Scientists have long suspected that phosphorus became part of biology early on, but they have only recently begun to recognize the role of phosphate in directing the synthesis of molecules required by life on Earth, “Experiments show it makes amazing things happen – chemists can synthesize crucial biomolecules if there is a lot of phosphate in solution,” said Tosca, Professor of Mineralogy & Petrology at Cambridge’s Department of Earth Sciences.
However, there has been debate over the precise circumstances required to create phosphate. According to some research, phosphate should actually be even less accessible to life when iron is plentiful. However, this is disputed since the early Earth’s atmosphere was oxygen-poor and iron would have been widespread.
They used geochemical modeling to simulate the early Earth’s conditions in order to understand how life came to rely on phosphate and the kind of environment that this element would have evolved in.
“It’s exciting to see how simple experiments in a bottle can overturn our thinking about the conditions that were present on the early Earth,” said Brady.
In the lab, they made up seawater with the same chemistry thought to have existed in Earth’s early history. They also ran their experiments in an atmosphere starved of oxygen, just like on ancient Earth.
The team’s results suggest that seawater itself could have been a major source of this essential element.

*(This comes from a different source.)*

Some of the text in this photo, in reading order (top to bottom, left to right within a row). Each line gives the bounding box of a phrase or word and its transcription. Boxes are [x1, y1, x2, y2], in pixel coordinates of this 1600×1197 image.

“This doesn’t necessarily mean that life on Earth started in seawater,” said Tosca, “It opens up a lot of possibilities for how seawater could have supplied phosphate to different environments— for instance, lakes, lagoons, or shorelines where sea spray could have carried the phosphate onto land.”
Previously scientists had come up with a range of ways of generating phosphate, some theories involving special environments such as acidic volcanic springs or alkaline lakes, and rare minerals found only in meteorites.

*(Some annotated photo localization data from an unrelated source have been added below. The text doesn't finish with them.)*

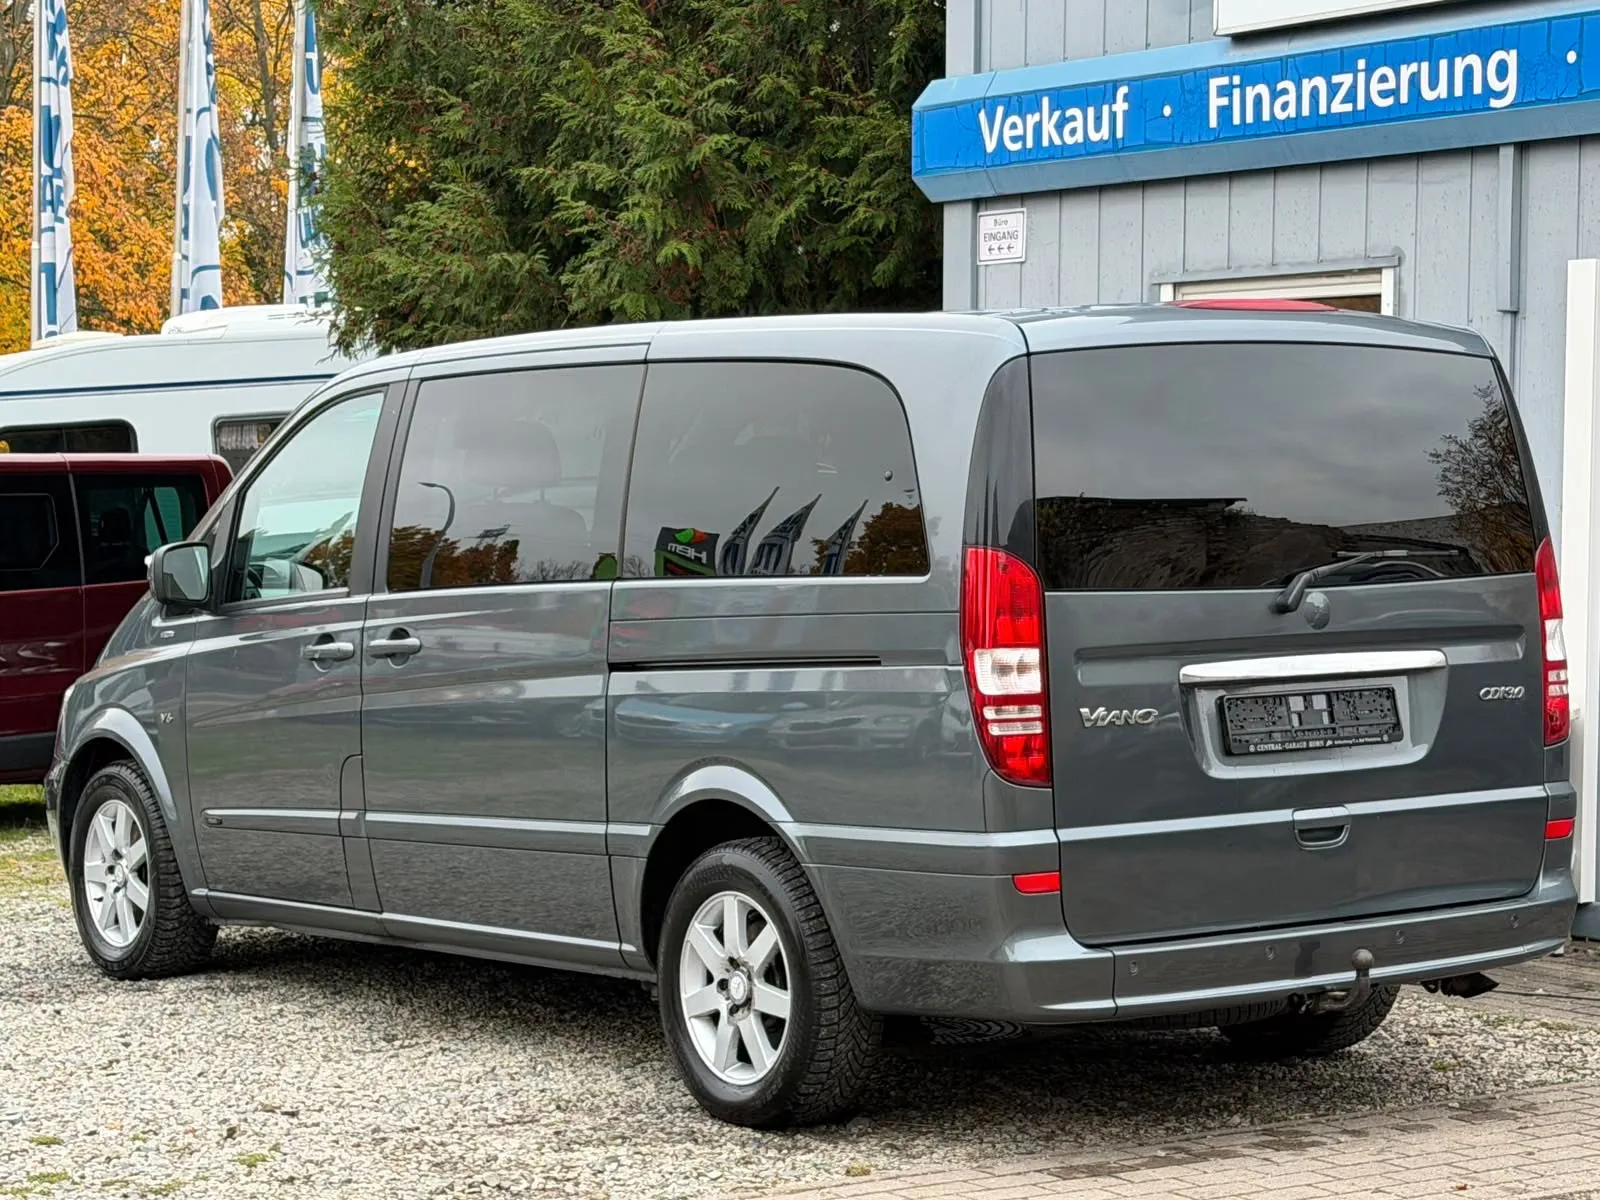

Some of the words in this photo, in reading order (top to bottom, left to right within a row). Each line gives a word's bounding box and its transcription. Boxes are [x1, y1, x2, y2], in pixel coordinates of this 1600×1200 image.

[978, 85, 1129, 153] Verkauf
[1208, 48, 1518, 129] Finanzierung
[983, 229, 1019, 243] EINGANG
[160, 712, 174, 724] V6
[1079, 706, 1159, 728] VIANO

“We had a hunch that iron was key to phosphate solubility, but there just wasn’t enough data,” said Tosca. The idea for the team’s experiments came when they looked at waters that bathe sediments deposited in the modern Baltic Sea. “It is unusual because it is high in both phosphate and iron — we started to wonder what was so different about those particular waters.”
In their experiments, the researchers added different amounts of iron to a range of synthetic seawater samples and tested how much phosphorous it could hold before crystals formed and minerals separated from the liquid. They then built these data points into a model that could predict how much phosphate ancient seawater could hold.
The Baltic Sea pore waters provided one set of modern samples they used to test their model with, “We could reproduce that unusual water chemistry perfectly,” said Tosca. From there they went on to explore the chemistry of seawater before any biology was around.
The results also have implications for scientists trying to understand the possibilities for life beyond Earth. “If iron helps put more phosphate in solution, then this could have relevance to early Mars,” said Tosca.
Evidence for water on ancient Mars is abundant, including old river beds and flood deposits, and we also know that there was a lot of iron at the surface and the atmosphere was at times oxygen-poor, said Tosca.
Their simulations of surface waters filtering through rocks on the Martian surface suggest that iron-rich water might have supplied phosphates in this environment too.
“It’s going to be fascinating to see how the community uses our results to explore new, alternative pathways for the evolution of life on our planet and beyond,” said Brady.
Reference: “Marine phosphate availability and the chemical origins of life on Earth” by Matthew P. Brady, Rosalie Tostevin, and Nicholas J. Tosca, 2 September 2022, Nature Communications.